As an initial matter, the Court notes the legal standard under which it must evaluate Holmes's motion to vacate the judgment in this case. Holmes seeks relief from the judgment on the basis of what it claims is newly discovered evidence that Back Doctors's faxes to Holmes are indeed advertising for purposes of the TCPA. Also, Holmes, which alleged in its complaint and its brief in opposition to summary judgment only that Back Doctors sent Holmes unsolicited advertising faxes, now asserts that the Court committed a manifest error of law in granting summary judgment for Back Doctors because the Court overlooked certain other violations by Back Doctors of the TCPA and regulations promulgated thereunder by the Commission. Because Holmes's motion for relief from the judgment in this case is premised on newly discovered evidence and manifest errors of law, the Court construes the motion as being brought, as Holmes asserts that it is, under Rule 59 of the Federal Rules of Civil Procedure. See Fed.R.Civ.P. 59(e); Osterneck v. Ernst & Whinney, 489 U.S. 169, 174, 109 S.Ct. 987, 103 L.Ed.2d 146 (1989) (Rule 59(e) encompasses reconsideration of matters decided on the merits); Obriecht v. Raemisch, 517 F.3d 489, 493 (7th Cir.2008) (it is "the substance, rather than the form, of a post-judgment motion" that determines whether a motion for relief from a judgment is deemed to be brought under Rule 59 or Rule 60 of the Federal Rules of Civil Procedure); Ware v. Love, Civil No. 07-cv-727-GPM, 2009 WL 393777, at *1 (S.D.Ill. Feb. 17, 2009) (when a motion to alter or amend a judgment is filed within ten days of entry of the judgment, "whether the motion is analyzed under Rule 59(e) or Rule 60(b) depends upon the substance of the motion, not on the timing or label affixed to it.").1

A motion to alter or amend a judgment brought under Rule 59(e) serves the limited function of alerting a court to matters such as newly discovered evidence or manifest errors of law or fact. See Romo v. Gulf Stream Coach, Inc., 250 F.3d 1119, 1121 n. 3 (7th Cir.2001); LB Credit Corp. v. Resolution Trust Corp., 49 F.3d 1263, 1267 (7th Cir.1995); Publishers Res., Inc. v. Walker-Davis Publ'ns, Inc., 762 F.2d 557, 561 (7th Cir.1985); Brown v. Alter Barge Line, Inc., 461 F.Supp.2d 781, 783-84 (S.D.Ill.2006). However, Rule 59(e) does not give a party the opportunity to undo its own procedural failures or present new evidence or arguments "that could and should have been presented to the district court prior to the judgment." Moro v. Shell Oil Co., 91 F.3d 872, 876 (7th Cir.1996). See also County of McHenry v. Insurance Co. of W., 438 F.3d 813, 819 (7th Cir.2006); Divane v. Krull Elec. Co., 194 F.3d 845, 850 (7th Cir.1999); Ledbetter v. Jackson County Ambulance Serv., Civil No. 05-4190-GPM, 2007 WL 4226071, at *3 (S.D.Ill. June 12, 2007). The decision to grant or deny a Rule 59(e) motion is entrusted to a district court's discretion. See Andrews v. E.I. Du Pont De Nemours & Co., 447 F.3d 510, 515 (7th Cir.2006); Bordelon v. Chicago Sch. Reform Bd. of Trs., 233 F.3d 524, 529 (7th Cir.2000); In re Prince, 85 F.3d 314, 324 (7th Cir.1996); Wheeler v. Pension Value Plan for Employees of Boeing Co., No. 06-cv-500-DRH, 2007 WL 2608875, at *3 (S.D.Ill. Sept. 6, 2007). With the foregoing standard in mind, the Court turns to evaluation of Holmes's Rule 59(e) motion.

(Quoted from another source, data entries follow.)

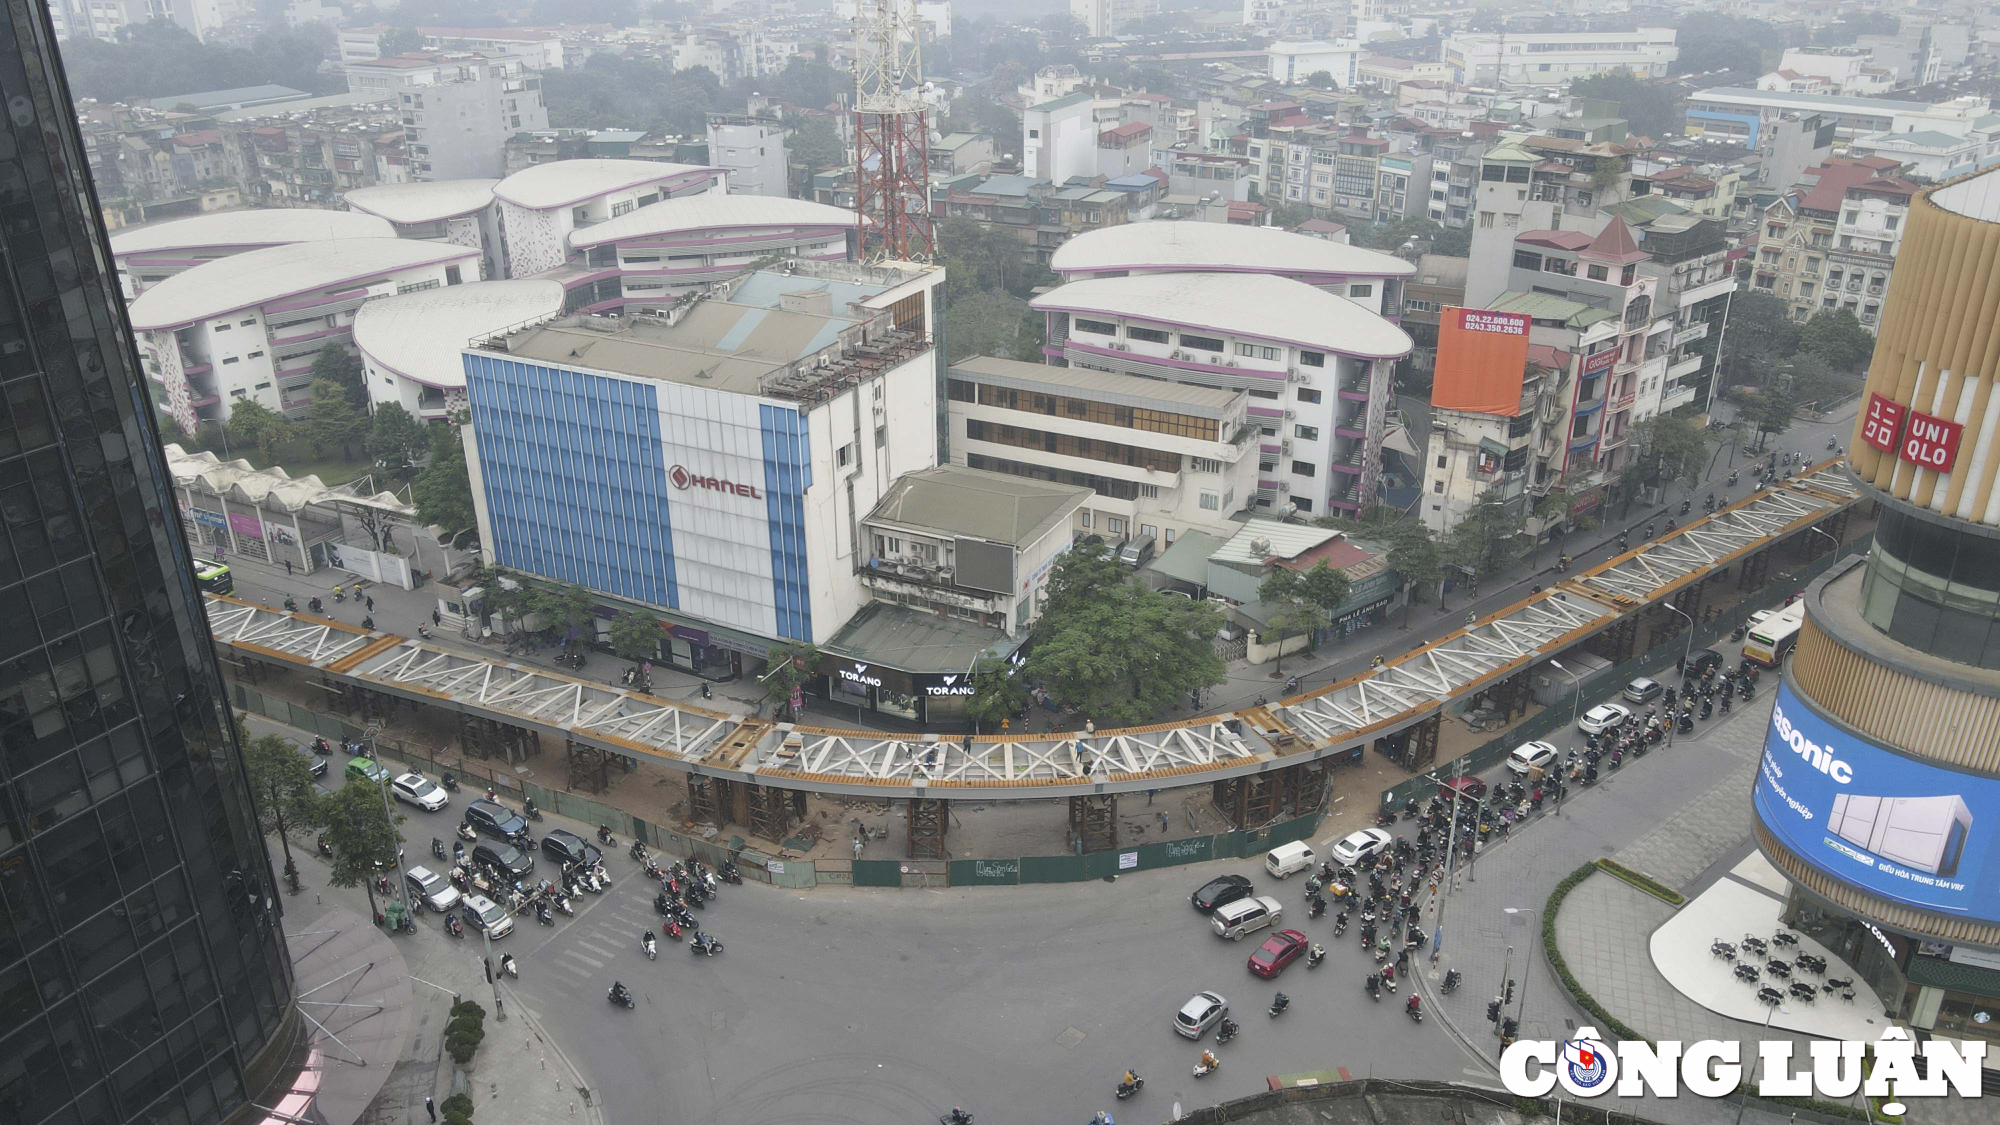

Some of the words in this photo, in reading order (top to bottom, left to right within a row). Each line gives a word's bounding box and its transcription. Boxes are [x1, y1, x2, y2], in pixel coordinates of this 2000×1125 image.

[1465, 322, 1523, 334] 0243.350.2636
[1466, 314, 1524, 327] 024.22.600.600
[1912, 418, 1949, 445] UNI
[1907, 439, 1947, 465] QLO
[691, 474, 762, 500] HANEL
[839, 670, 882, 687] TORANO
[926, 687, 975, 695] TORANO
[1786, 796, 1813, 820] nghiệp
[1911, 874, 1934, 886] TRUNG
[1935, 879, 1950, 889] TÂM
[1950, 883, 1965, 891] VRF

A. Newly Discovered Evidence

In this instance, as noted, Holmes seeks Rule 59(e) relief on the basis of what it claims is newly discovered evidence that Back Doctors's faxes to Holmes in fact are advertising for purposes of the TCPA. Specifically, Holmes relies upon materials gleaned from the Internet that suggest that a company called CMCS Management, Inc. ("CMCS"), may have been involved in the faxes sent by Back Doctors to Holmes. According to Holmes's motion to vacate the judgment in this case, an Internet search by Holmes's counsel after entry of the judgment disclosed the existence of a class action settlement in a state court in Washington between CMCS and recipients of unsolicited advertising faxes designed on behalf of chiropractors by CMCS. Apparently notice of the settlement led Holmes's counsel to CMCS's website (http://www.cmcsmanagement. com/db/), which advertises a "Lawyers Marketing Program" designed to help chiropractors attract customers from personal injury lawyers. For a fee of $199 per month, CMCS's website promises chiropractors participating in the "Lawyers Marketing Program" to "send 2 educational pieces to as many as 500-600 personal injury attorneys offices in your area per month." Doc. 13-4 at 1. Exemplar CMCS faxes accompanying the notice of the Washington class action settlement and available on CMCS's website strongly resemble the faxes sent to Holmes by Back Doctors. See Doc. 2-2 at 14-15; Doc. 13-2 at 1; Doc. 13-8 at 1-2. Also attached to Holmes's Rule 59(e) motion are documents from the website of Business Link International, a company that broadcasts faxes for CMCS on behalf of chiropractors participating in the "Lawyers Marketing Program." According to Holmes, because the avowed purpose of the CMCS program is to help participating chiropractors "build a huge . . . practice," Doc. 13-3 at 1, the faxes sent to Holmes by Back Doctors in fact constitute advertising within the meaning of the TCPA.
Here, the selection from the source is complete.